**Exercise goal**
Could each record be written out again exactly as it stands?

Dataset entries:
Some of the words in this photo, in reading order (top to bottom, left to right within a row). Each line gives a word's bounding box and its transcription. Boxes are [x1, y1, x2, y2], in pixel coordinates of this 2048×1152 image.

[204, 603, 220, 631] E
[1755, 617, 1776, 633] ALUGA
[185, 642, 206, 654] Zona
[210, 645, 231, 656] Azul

**Written response**
Some of the words in this photo, in reading order (top to bottom, left to right within a row). Each line gives a word's bounding box and its transcription. Boxes are [x1, y1, x2, y2], in pixel coordinates of this 2048×1152 image.

[204, 603, 220, 631] E
[1755, 617, 1776, 633] ALUGA
[185, 642, 206, 654] Zona
[210, 645, 231, 656] Azul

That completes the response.